“Send horses up for them,” Dave said. “You can take all the men back to camp with you except three to help me watch the fire. Tell Mr. Crawford how things are.”
The men crept down the hill like veterans a hundred years old. Ragged, smoke-blackened, and grimy, they moved like automatons. So great was their exhaustion that one or two dropped out of line and lay down on the charred ground to sleep. The desire for it was so overmastering that they could not drive their weighted legs forward.
A man on horseback appeared and rode up to Dave and Shorty. The man was Bob Hart. The red eyes in his blackened face were sunken and his coat hung on him in crisped shreds. He looked down at the bodies lying side by side. His face worked, but he made no verbal comment.
“We piled into a cave. Some of the boys couldn’t stand it,” Dave explained.
Bob’s gaze took in his friend. The upper half of his body was almost naked. Both face and torso were raw with angry burns. Eyebrows had disappeared and eyes were so swollen as to be almost closed. He was gaunt, ragged, unshaven, and bleeding. Shorty, too, appeared to have gone through the wars.
“You boys oughtta have the doc see you,” Hart said gently. “He’s down at camp now. One of Em’s men had an arm busted by a limb of a tree fallin’ on him. I’ve got a coupla casualties in my gang. Two or three of ’em runnin’ a high fever. Looks like they may have pneumonia, doc says. Lungs all inflamed from swallowin’ smoke.... You take my hawss and ride down to camp, Dave. I’ll stick around here till the old man sends a relief.”
“No, you go down and report to him, Bob. If Crawford has any fresh men I’d like mine relieved. They’ve been on steady for ’most two days and nights. Four or five can hold the fire here. All they need do is watch it.”
Hart did not argue. He knew how Dave stuck to a thing like a terrier to a rat. He would not leave the ground till orders came from Emerson Crawford.

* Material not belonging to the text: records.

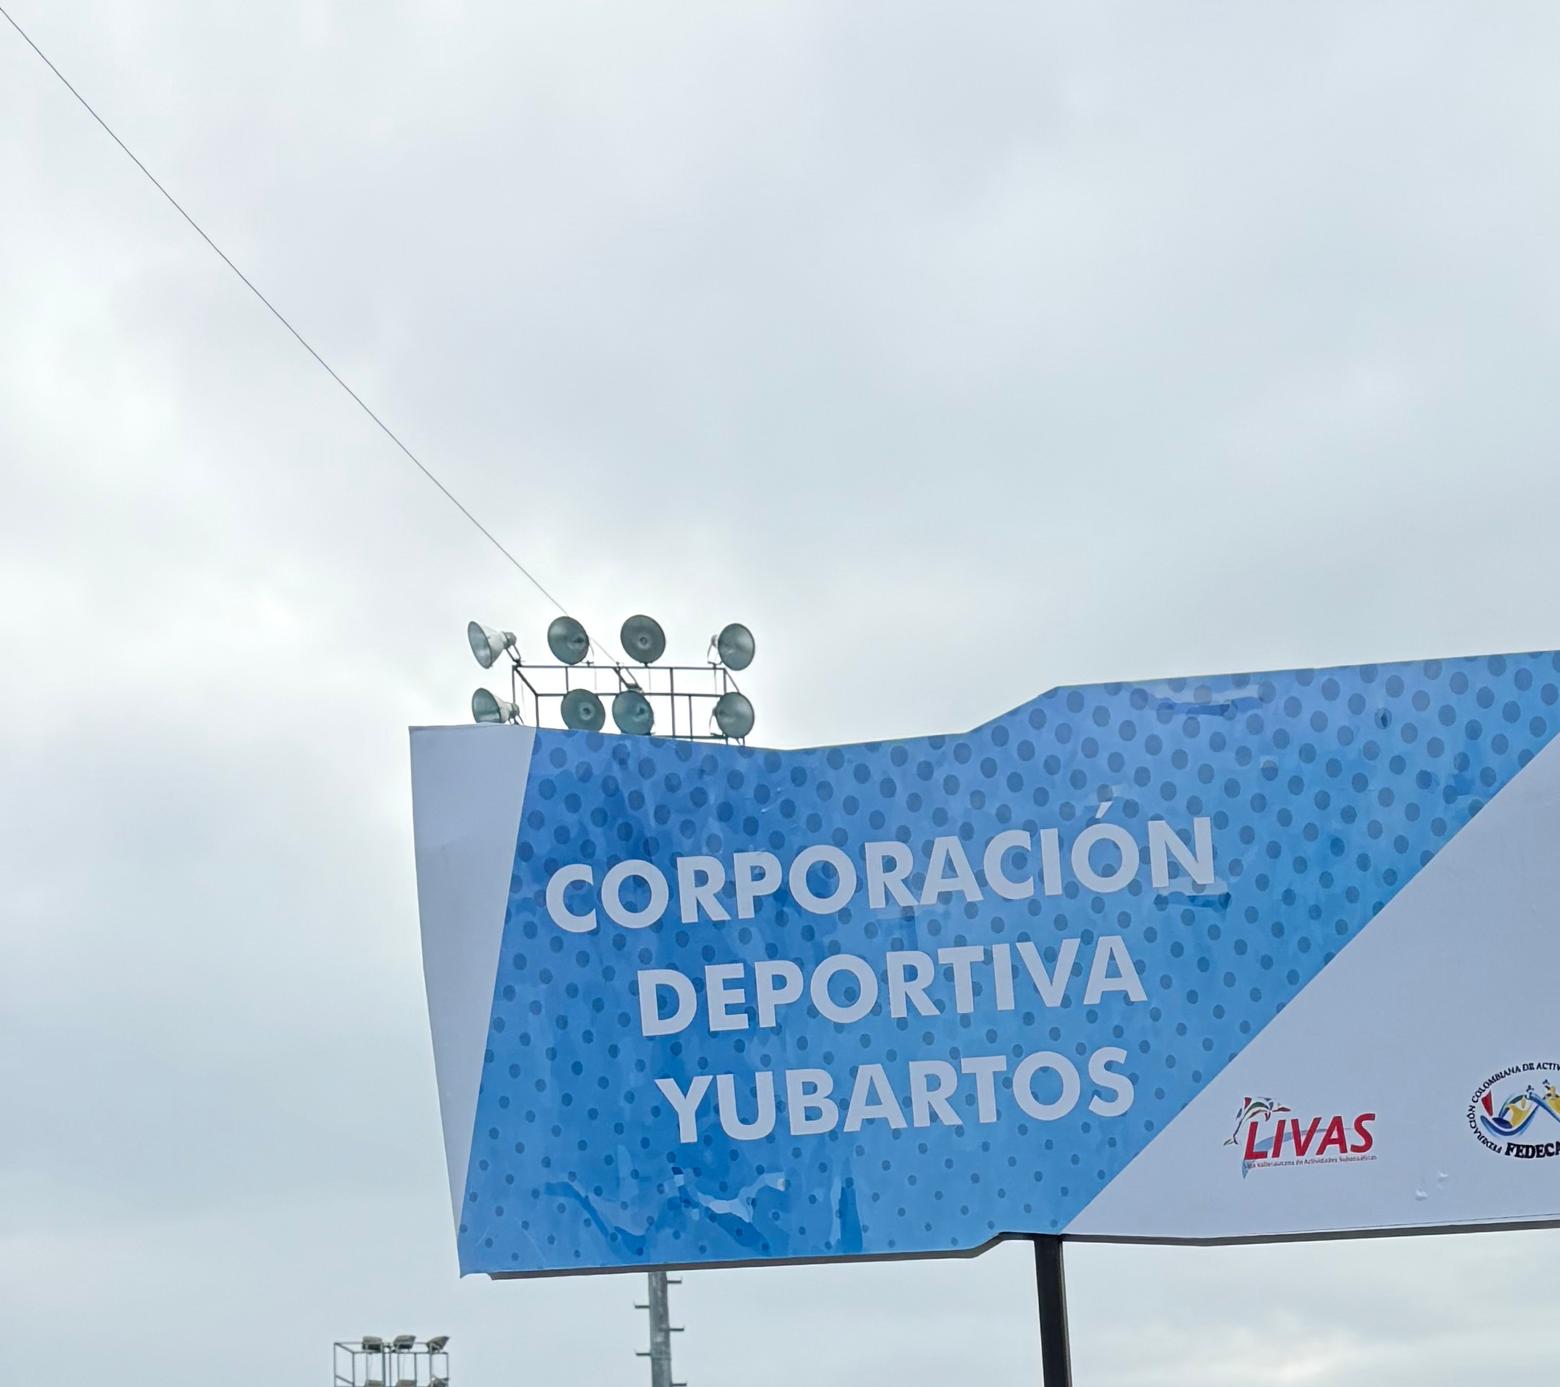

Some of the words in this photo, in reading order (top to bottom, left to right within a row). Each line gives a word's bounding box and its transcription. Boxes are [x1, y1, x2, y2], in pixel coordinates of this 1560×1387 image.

[545, 801, 1216, 934] CORPORACIÓN
[637, 935, 1148, 1037] DEPORTIVA
[655, 1047, 1135, 1145] YUBARTOS
[1522, 1062, 1535, 1072] DE
[1243, 1112, 1376, 1161] LIVAS

“Lemme go an’ report,” suggested Shorty. “I wanta get my bronc an’ light out pronto. Never can tell when Applegate might drap around an’ ask questions. Me, I’m due in the hills.”
“All right,” agreed Bob. “See Crawford himself, Shorty.”
The outlaw pulled himself to the saddle and cantered off.
“Best man in my gang,” Dave said, following him with his eyes. “There to a finish and never a whimper out of him. Dragged a man out of the fire when he might have been hustling for his own skin.”
“Shorty’s game,” admitted Hart. “Pity he went bad.”
“Yes. He told me he didn’t kill Harrigan.”
“Reckon Dug did that. More like him.”
Half an hour later the relief came. Hart, Dave, and the three fire-fighters who had stayed to watch rode back to camp.
Crawford had lost his voice. He had already seen Hart since the fire had subsided, so his greeting was to Sanders.